What the task asks: What is needed is a word-for-word copy of every record below, minus the pictures.
======
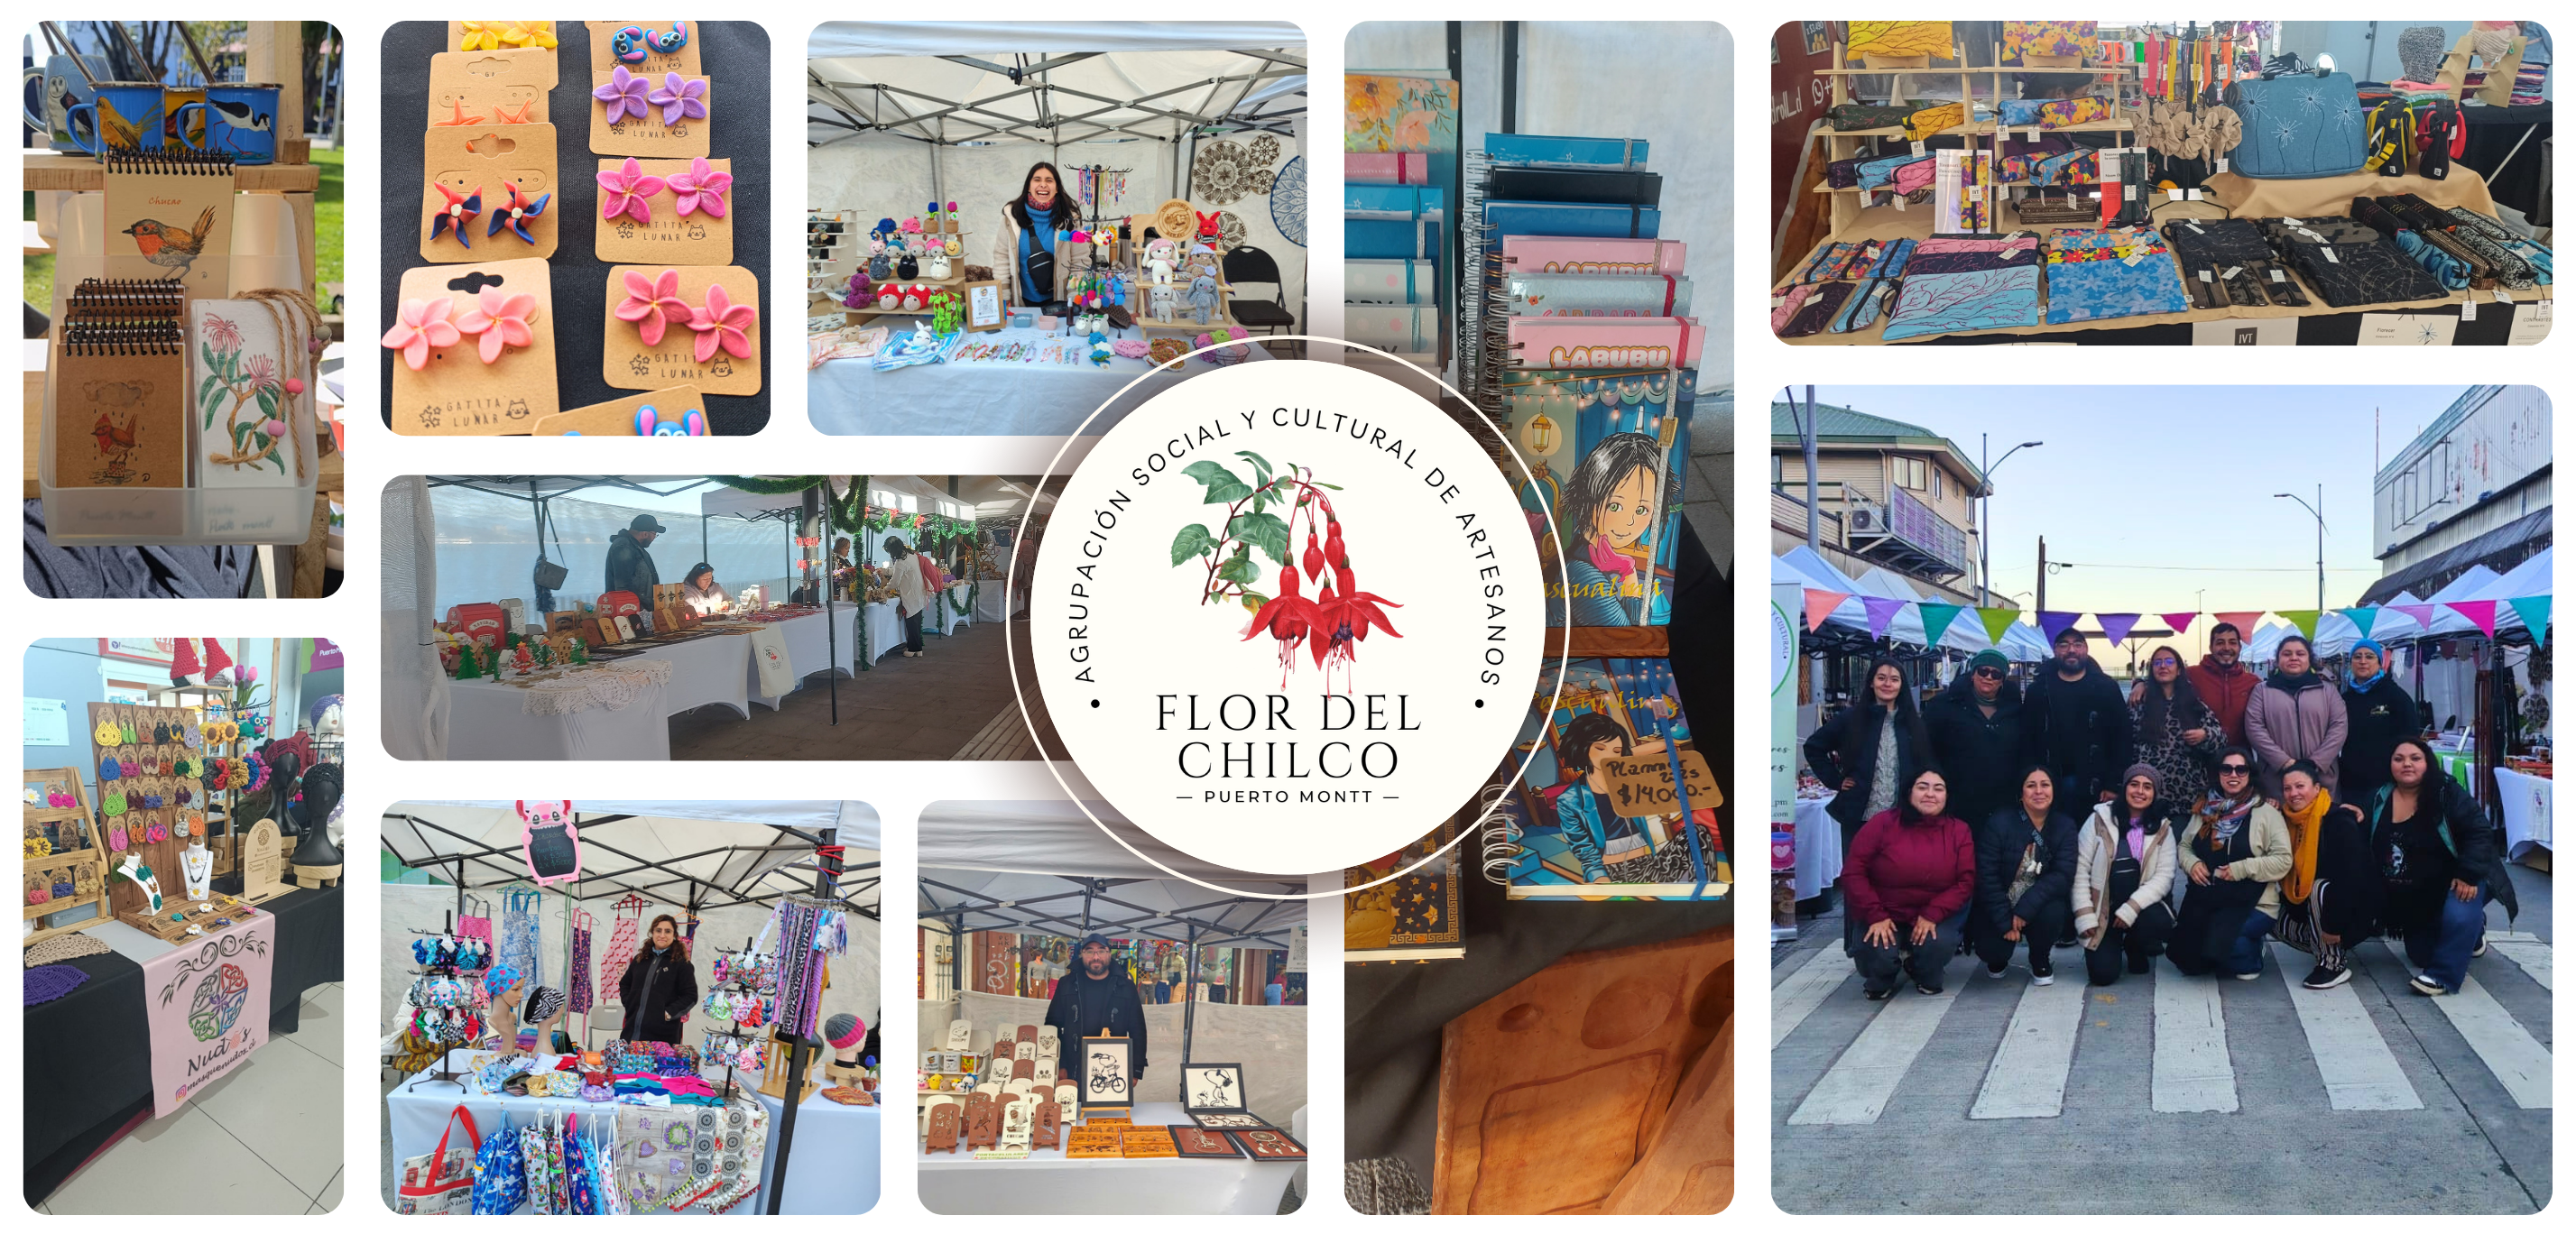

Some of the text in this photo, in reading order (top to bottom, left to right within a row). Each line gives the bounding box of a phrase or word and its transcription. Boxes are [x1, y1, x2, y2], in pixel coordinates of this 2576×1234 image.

[633, 130, 666, 138] LUNAR
[148, 195, 181, 206] Chucao
[638, 221, 683, 229] GATITA
[643, 233, 680, 242] LUNAR
[2239, 333, 2254, 345] IVT
[1549, 345, 1671, 368] LABUBU
[661, 368, 704, 379] LUNAR
[447, 398, 501, 412] GATITA
[453, 413, 499, 427] LUNAR
[188, 1027, 252, 1077] Nuds
======
Result of the task:
Some of the text in this photo, in reading order (top to bottom, left to right within a row). Each line gives the bounding box of a phrase or word and its transcription. Boxes are [x1, y1, x2, y2], in pixel coordinates of this 2576×1234 image.

[633, 130, 666, 138] LUNAR
[148, 195, 181, 206] Chucao
[638, 221, 683, 229] GATITA
[643, 233, 680, 242] LUNAR
[2239, 333, 2254, 345] IVT
[1549, 345, 1671, 368] LABUBU
[661, 368, 704, 379] LUNAR
[447, 398, 501, 412] GATITA
[453, 413, 499, 427] LUNAR
[188, 1027, 252, 1077] Nuds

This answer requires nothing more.